I was amazed that she knew this.
"Yes, I am Mexican, but I was born in Colton, California."
She must have noticed my surprise because she said, "I can tell that you're Mexican by your intonation and some of your vocabulary. You see, I am an anthropological linguist, I study languages."
"What languages?" I had never heard of an anthropological linguist before.
"Currently I am doing research on the language of the Aymara Indians of the Andes. I'm studying the phonological and grammatical structure of their language." She became more and more animated, and her face became flushed as she described her work. "The majority of the Bolivian population, the country where I've done most of my research, belongs to Aymara and Quechua Indian groups. Yet education in Bolivia is delivered solely in Spanish without regard for the indigenous languages, and as a result there is social, economic, and racial discrimination. My hope is that once we create a written language, the Aymara speakers will learn to read and write it so that in the future they will be able to document their own history, in their own language!"
I admired her enthusiasm. "That's very interesting. What you're saying relates to what we're studying in your class about pre-Columbian literature and the Spanish Conquest."
"Exactly! Now, would you be interested in helping me with my research? I need help coding and cataloging the data I collected on the Aymara language, I have it on hundreds of index cards."
I did not respond right away because I was not sure I was capable of doing the work. Noticing my hesitation, she said, "I'll show you how to do it; it isn't difficult. And I have grant money to pay you."
"Thank you, Professor. I'd like to try it." I felt slightly more confident. She then carefully explained to me how she wanted the data coded and cataloged and gave me a key to her office so that I could do the work in the evenings and on weekends. She also hired me as a reader, correcting papers and quizzes for her elementary and intermediate Spanish courses.
My flexible work schedule for Professor Hardman de Bautista made it possible to get two other part-time jobs, I worked in the language lab two hours a day, and on Tuesday and Thursday afternoons I tutored students in Spanish at Bellarmine College Preparatory High School in San Jose, which was a little over a mile from the university. I worked an average of twenty-five hours a week.
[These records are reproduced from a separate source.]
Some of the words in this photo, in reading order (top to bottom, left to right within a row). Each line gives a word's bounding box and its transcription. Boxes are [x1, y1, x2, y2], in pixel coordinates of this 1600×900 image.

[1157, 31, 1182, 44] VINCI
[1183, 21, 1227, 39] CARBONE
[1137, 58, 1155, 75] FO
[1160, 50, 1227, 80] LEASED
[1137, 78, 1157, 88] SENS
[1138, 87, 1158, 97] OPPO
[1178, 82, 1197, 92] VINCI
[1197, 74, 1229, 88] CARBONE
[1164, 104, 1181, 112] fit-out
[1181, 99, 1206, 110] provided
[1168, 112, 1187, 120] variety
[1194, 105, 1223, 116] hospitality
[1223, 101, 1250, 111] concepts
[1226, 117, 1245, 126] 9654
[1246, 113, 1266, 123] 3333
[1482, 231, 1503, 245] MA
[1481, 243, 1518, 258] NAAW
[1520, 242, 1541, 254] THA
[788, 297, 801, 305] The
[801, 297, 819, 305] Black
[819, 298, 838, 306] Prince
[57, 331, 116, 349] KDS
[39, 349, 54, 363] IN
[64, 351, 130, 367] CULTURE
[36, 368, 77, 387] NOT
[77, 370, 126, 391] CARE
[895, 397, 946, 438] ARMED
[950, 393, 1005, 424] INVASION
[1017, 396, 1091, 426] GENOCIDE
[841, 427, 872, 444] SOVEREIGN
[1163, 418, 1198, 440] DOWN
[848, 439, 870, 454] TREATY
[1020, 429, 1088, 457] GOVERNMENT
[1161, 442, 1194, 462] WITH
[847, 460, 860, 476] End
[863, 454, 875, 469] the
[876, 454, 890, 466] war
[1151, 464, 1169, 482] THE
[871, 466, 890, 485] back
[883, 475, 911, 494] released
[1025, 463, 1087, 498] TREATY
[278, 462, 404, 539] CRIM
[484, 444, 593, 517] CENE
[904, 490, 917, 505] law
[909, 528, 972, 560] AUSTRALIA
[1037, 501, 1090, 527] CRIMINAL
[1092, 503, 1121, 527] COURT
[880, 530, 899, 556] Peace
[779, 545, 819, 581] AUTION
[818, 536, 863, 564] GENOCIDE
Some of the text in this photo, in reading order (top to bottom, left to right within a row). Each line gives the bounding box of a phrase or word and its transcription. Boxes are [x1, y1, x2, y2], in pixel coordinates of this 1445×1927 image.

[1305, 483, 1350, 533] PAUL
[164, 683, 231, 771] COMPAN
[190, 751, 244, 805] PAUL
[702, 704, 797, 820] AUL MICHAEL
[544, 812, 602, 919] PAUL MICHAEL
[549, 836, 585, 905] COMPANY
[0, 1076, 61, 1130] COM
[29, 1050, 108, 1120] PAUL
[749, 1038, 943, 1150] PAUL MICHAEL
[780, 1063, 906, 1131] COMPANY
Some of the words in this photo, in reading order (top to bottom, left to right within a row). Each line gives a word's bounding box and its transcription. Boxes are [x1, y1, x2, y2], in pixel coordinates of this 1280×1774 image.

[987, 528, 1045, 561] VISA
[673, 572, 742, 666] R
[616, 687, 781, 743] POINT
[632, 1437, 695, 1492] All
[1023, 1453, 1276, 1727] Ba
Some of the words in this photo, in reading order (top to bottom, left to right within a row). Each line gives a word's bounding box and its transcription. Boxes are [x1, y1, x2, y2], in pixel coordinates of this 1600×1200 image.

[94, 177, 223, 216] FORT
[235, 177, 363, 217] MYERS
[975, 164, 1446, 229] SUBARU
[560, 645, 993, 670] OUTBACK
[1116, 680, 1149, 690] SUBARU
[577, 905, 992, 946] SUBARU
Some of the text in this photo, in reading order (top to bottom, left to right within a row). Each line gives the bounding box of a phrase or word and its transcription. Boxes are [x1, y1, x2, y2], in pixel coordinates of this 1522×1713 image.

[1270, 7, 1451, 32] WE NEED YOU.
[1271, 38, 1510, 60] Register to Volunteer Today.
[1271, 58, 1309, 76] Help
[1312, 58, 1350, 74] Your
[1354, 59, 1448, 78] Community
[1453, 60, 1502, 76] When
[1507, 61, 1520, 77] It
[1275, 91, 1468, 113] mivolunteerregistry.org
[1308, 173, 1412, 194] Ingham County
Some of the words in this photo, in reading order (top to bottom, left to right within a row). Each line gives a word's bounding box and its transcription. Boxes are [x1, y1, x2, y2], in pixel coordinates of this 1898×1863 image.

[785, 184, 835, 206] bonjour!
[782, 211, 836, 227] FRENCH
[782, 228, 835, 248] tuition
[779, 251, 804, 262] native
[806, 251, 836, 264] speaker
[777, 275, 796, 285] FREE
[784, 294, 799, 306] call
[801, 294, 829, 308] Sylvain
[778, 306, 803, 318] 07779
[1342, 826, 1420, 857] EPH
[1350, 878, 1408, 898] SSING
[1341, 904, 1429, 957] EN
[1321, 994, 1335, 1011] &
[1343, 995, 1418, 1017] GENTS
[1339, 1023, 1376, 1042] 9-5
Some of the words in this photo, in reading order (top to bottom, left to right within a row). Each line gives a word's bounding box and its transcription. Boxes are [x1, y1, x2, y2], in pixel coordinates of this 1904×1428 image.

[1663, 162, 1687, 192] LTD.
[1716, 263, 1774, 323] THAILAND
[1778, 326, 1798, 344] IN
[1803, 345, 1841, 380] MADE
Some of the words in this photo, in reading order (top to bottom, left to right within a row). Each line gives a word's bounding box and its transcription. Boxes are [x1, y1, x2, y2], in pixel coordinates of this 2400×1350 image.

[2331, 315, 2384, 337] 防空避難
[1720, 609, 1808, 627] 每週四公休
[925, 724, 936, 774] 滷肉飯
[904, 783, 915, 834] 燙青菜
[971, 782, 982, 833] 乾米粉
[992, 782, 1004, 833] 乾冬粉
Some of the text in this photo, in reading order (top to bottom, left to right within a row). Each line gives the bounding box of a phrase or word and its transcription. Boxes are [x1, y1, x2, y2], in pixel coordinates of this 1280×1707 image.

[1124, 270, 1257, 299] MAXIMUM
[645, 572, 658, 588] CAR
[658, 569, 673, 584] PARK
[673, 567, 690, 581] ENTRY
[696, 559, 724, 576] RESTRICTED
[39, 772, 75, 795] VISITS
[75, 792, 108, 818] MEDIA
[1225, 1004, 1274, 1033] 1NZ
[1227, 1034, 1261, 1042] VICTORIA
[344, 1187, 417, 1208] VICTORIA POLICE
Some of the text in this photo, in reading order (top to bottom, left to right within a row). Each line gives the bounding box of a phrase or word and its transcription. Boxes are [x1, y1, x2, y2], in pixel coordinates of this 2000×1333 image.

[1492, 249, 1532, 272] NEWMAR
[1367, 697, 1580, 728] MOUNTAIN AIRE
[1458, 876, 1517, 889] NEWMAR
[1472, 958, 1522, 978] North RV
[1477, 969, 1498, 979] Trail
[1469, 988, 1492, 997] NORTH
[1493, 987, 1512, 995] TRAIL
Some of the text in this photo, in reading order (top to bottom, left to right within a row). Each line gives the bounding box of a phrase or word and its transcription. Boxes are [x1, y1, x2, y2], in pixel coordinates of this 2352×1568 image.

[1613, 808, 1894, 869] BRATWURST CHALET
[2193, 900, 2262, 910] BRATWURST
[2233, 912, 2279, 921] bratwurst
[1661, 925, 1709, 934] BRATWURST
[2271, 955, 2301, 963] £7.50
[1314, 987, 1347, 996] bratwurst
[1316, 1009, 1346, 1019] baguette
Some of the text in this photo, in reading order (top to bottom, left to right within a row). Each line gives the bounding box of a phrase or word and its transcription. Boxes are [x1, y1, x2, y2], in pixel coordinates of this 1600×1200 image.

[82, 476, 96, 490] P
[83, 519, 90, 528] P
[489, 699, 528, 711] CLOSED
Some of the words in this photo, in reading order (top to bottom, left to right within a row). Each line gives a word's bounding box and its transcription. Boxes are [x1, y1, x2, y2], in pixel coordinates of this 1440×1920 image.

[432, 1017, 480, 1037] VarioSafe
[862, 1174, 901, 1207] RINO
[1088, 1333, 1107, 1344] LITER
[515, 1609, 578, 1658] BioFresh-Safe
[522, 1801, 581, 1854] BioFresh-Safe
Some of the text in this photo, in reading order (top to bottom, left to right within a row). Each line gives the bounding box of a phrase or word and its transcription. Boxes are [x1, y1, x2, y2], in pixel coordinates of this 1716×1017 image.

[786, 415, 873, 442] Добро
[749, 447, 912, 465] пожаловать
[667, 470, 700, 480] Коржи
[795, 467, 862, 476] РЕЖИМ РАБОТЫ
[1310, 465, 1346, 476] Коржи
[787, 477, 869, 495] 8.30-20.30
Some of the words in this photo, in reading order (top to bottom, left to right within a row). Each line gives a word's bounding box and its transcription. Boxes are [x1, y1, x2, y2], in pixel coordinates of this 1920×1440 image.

I enjoyed working at Bellarmine, but it was time-consuming and frustrating. It took me approximately forty-five minutes to walk to and from campus, and when no students showed up for tutoring, I did not get paid. So I tried to get another job on campus by taking advantage of my experience working as a janitor. I wrote a letter to the president of the university, Father Patrick Donohoe, suggesting that students be hired to do the custodial work in the dormitories in exchange for room and board. I argued that by having students do the cleaning, other students would be less likely to mess tip their rooms and the hallways. I described my extensive janitorial expertise and concluded by offering my services. I never got a response.
I was more successful in marketing my typing skills than my janitorial experience. In high school, I took a typing class and did very well in it because of my typing speed and accuracy. I was so fast that my mother called me a typing machine. "You got fast fingers from picking strawberries and cotton," she told me. I approached a few classmates of mine who were approximately my size and weight and told them that I would happily type their papers in exchange for clothes or money. I ended up with a beautiful light blue alpaca sweater, some nice long-sleeved striped shirts, and some cash.
At the end of the month, after paying living expenses, I sent home any money I had left over. It was not much, but my family appreciated it.